__Extracted information__.
——
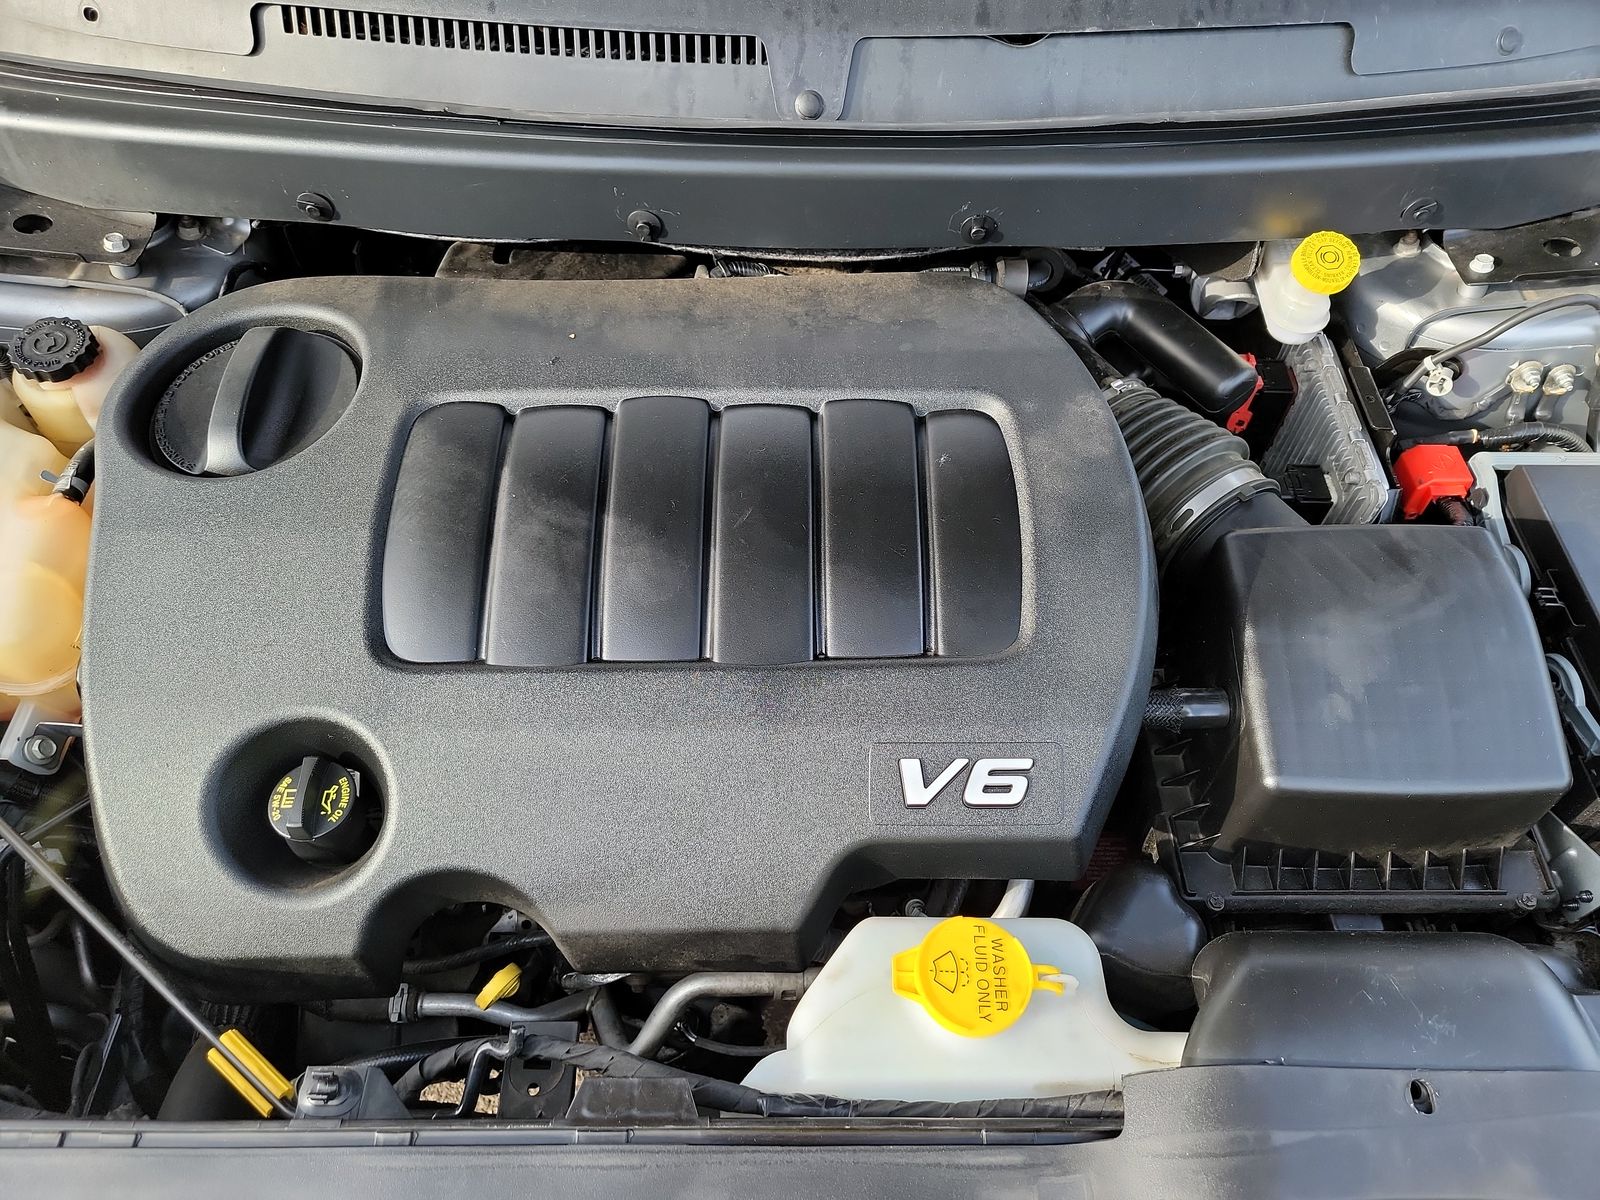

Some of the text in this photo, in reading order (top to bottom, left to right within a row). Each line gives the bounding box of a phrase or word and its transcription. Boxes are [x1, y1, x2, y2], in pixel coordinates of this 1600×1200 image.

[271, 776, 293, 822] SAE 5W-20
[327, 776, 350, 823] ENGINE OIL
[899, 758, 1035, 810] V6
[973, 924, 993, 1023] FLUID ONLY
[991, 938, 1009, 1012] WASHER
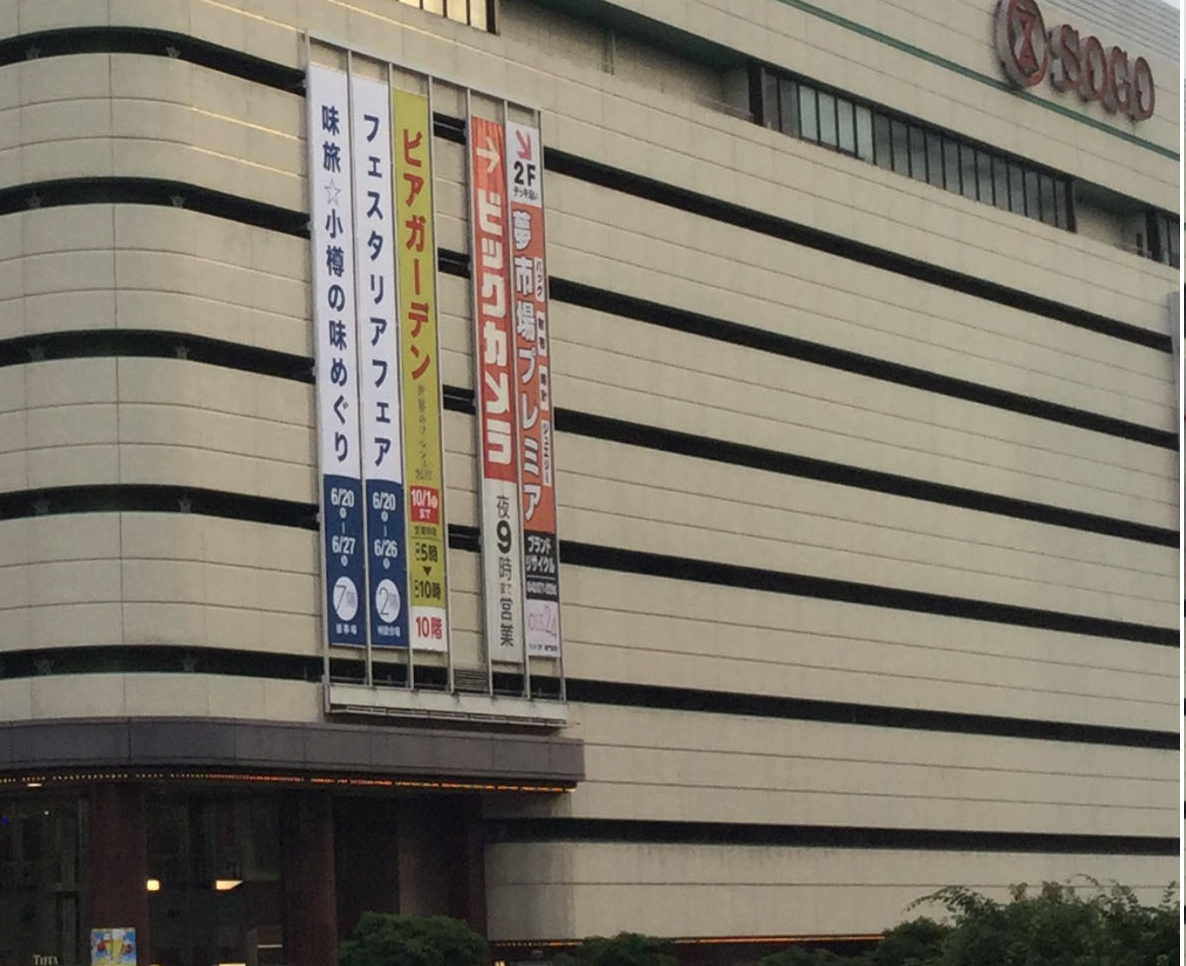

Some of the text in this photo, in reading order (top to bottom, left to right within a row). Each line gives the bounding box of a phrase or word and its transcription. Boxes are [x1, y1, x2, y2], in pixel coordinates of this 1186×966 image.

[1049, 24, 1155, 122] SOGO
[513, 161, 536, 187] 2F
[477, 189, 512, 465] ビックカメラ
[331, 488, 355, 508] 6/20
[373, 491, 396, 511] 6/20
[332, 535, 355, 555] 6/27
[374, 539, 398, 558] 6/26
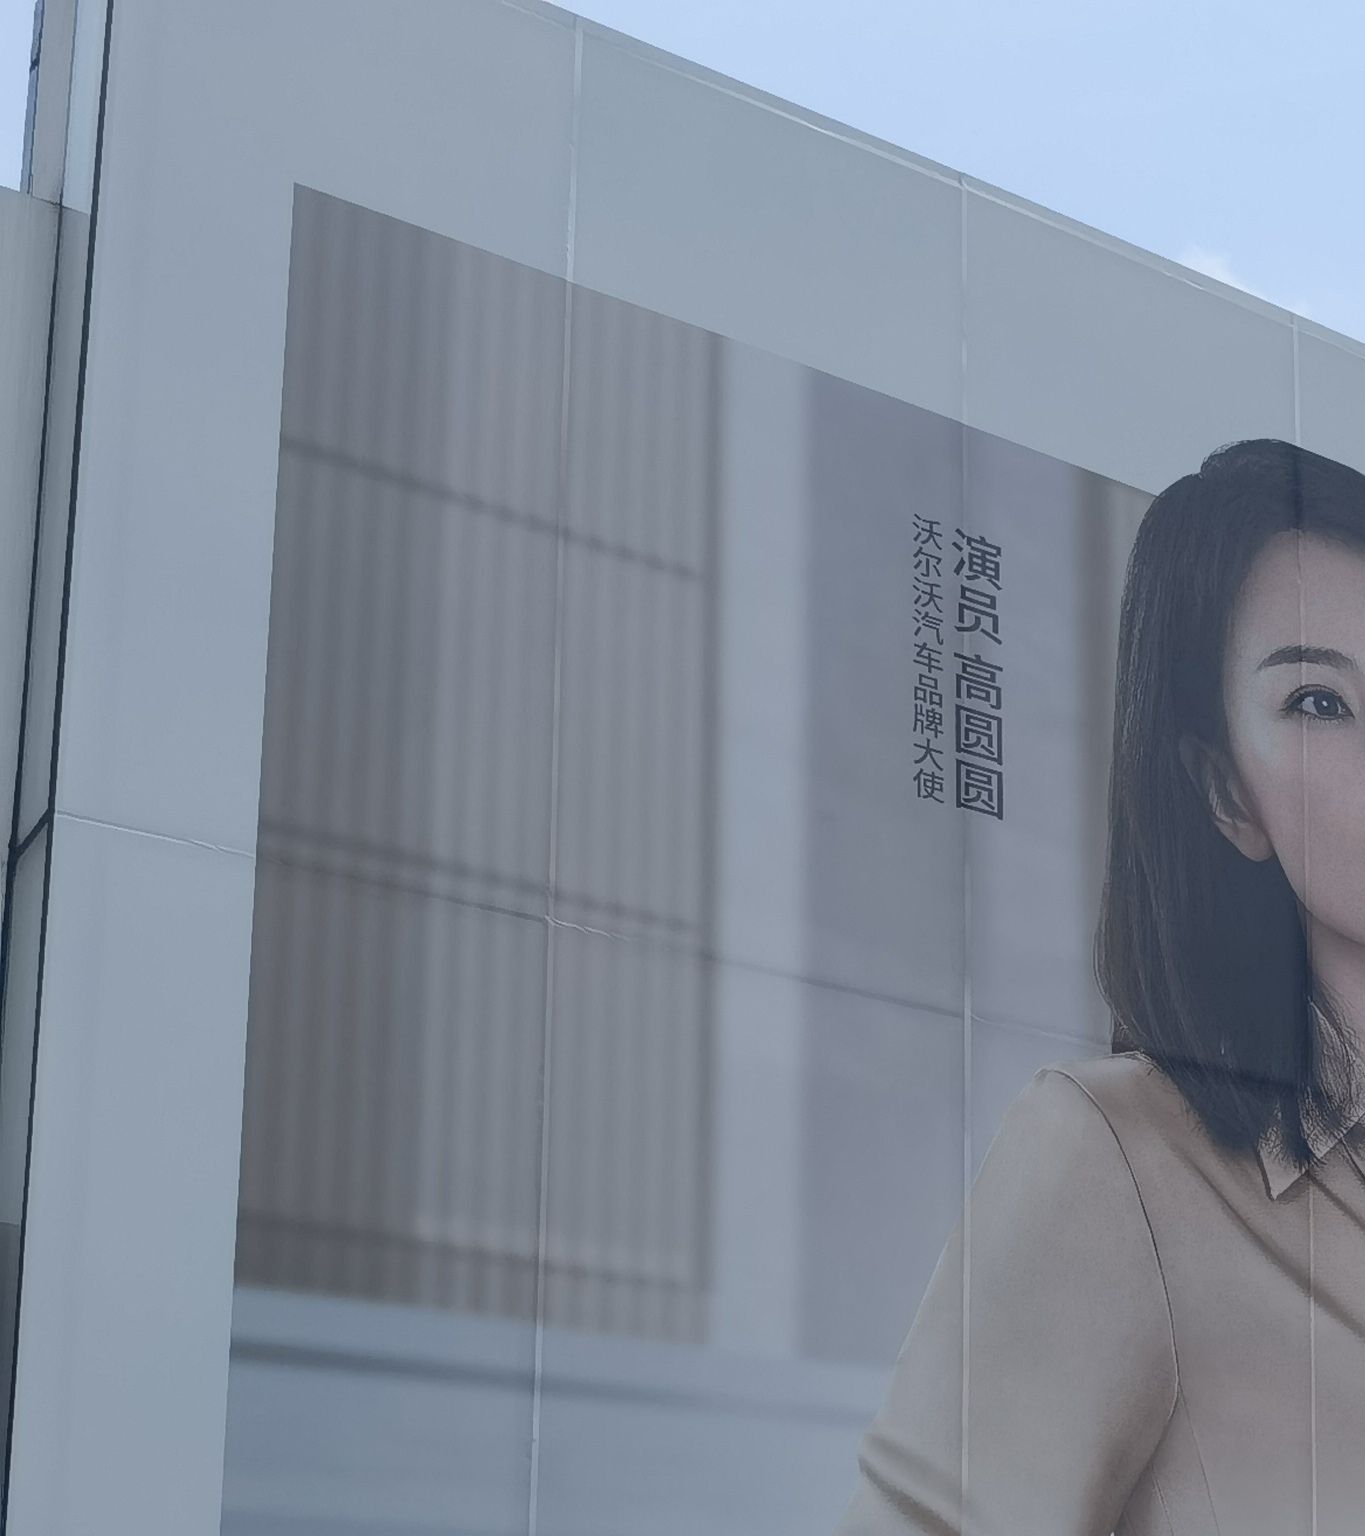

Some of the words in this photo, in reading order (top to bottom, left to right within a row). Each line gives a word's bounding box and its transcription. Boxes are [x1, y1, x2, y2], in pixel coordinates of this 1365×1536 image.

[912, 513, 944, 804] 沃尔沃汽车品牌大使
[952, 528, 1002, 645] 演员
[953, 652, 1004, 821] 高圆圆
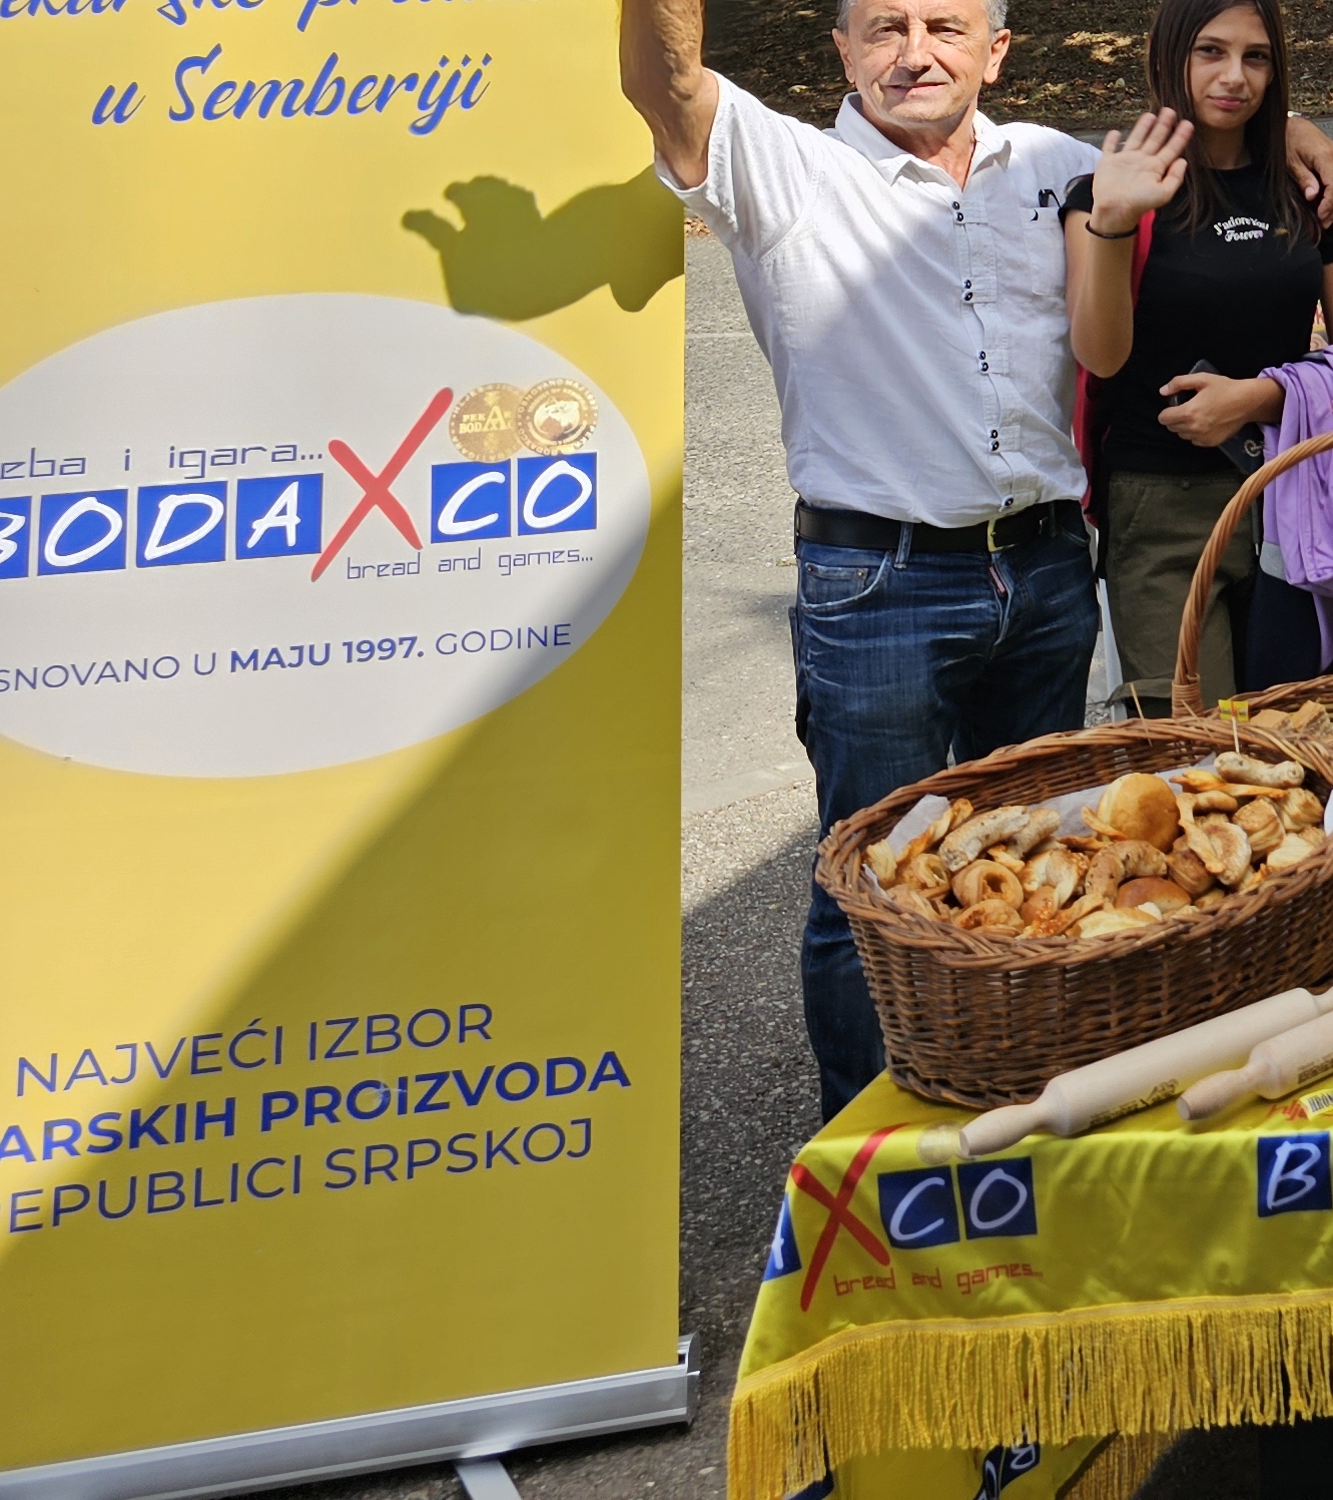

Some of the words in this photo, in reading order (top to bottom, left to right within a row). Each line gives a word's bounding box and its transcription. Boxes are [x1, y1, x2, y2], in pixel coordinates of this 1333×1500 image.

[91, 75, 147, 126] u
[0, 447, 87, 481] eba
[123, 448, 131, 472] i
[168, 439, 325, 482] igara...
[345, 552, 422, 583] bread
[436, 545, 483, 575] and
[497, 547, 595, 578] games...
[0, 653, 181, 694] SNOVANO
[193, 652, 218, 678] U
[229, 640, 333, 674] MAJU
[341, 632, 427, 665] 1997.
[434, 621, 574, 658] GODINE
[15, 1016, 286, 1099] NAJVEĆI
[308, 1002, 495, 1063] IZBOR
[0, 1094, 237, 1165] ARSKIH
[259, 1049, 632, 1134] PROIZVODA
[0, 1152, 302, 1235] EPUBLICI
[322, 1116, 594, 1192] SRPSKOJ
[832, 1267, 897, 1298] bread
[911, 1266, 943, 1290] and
——
__Task details__.
Without the pictures, write out the whole listing above exactly as it appears.

__Expected answer__.
Some of the text in this photo, in reading order (top to bottom, left to right within a row). Each line gives the bounding box of a phrase or word and its transcription. Boxes are [x1, y1, x2, y2], in pixel coordinates of this 1600×1200 image.

[271, 776, 293, 822] SAE 5W-20
[327, 776, 350, 823] ENGINE OIL
[899, 758, 1035, 810] V6
[973, 924, 993, 1023] FLUID ONLY
[991, 938, 1009, 1012] WASHER

Some of the text in this photo, in reading order (top to bottom, left to right within a row). Each line gives the bounding box of a phrase or word and its transcription. Boxes are [x1, y1, x2, y2], in pixel coordinates of this 1186×966 image.

[1049, 24, 1155, 122] SOGO
[513, 161, 536, 187] 2F
[477, 189, 512, 465] ビックカメラ
[331, 488, 355, 508] 6/20
[373, 491, 396, 511] 6/20
[332, 535, 355, 555] 6/27
[374, 539, 398, 558] 6/26

Some of the words in this photo, in reading order (top to bottom, left to right within a row). Each line gives a word's bounding box and its transcription. Boxes are [x1, y1, x2, y2], in pixel coordinates of this 1365×1536 image.

[912, 513, 944, 804] 沃尔沃汽车品牌大使
[952, 528, 1002, 645] 演员
[953, 652, 1004, 821] 高圆圆

Some of the words in this photo, in reading order (top to bottom, left to right within a row). Each line gives a word's bounding box and its transcription. Boxes are [x1, y1, x2, y2], in pixel coordinates of this 1333×1500 image.

[91, 75, 147, 126] u
[0, 447, 87, 481] eba
[123, 448, 131, 472] i
[168, 439, 325, 482] igara...
[345, 552, 422, 583] bread
[436, 545, 483, 575] and
[497, 547, 595, 578] games...
[0, 653, 181, 694] SNOVANO
[193, 652, 218, 678] U
[229, 640, 333, 674] MAJU
[341, 632, 427, 665] 1997.
[434, 621, 574, 658] GODINE
[15, 1016, 286, 1099] NAJVEĆI
[308, 1002, 495, 1063] IZBOR
[0, 1094, 237, 1165] ARSKIH
[259, 1049, 632, 1134] PROIZVODA
[0, 1152, 302, 1235] EPUBLICI
[322, 1116, 594, 1192] SRPSKOJ
[832, 1267, 897, 1298] bread
[911, 1266, 943, 1290] and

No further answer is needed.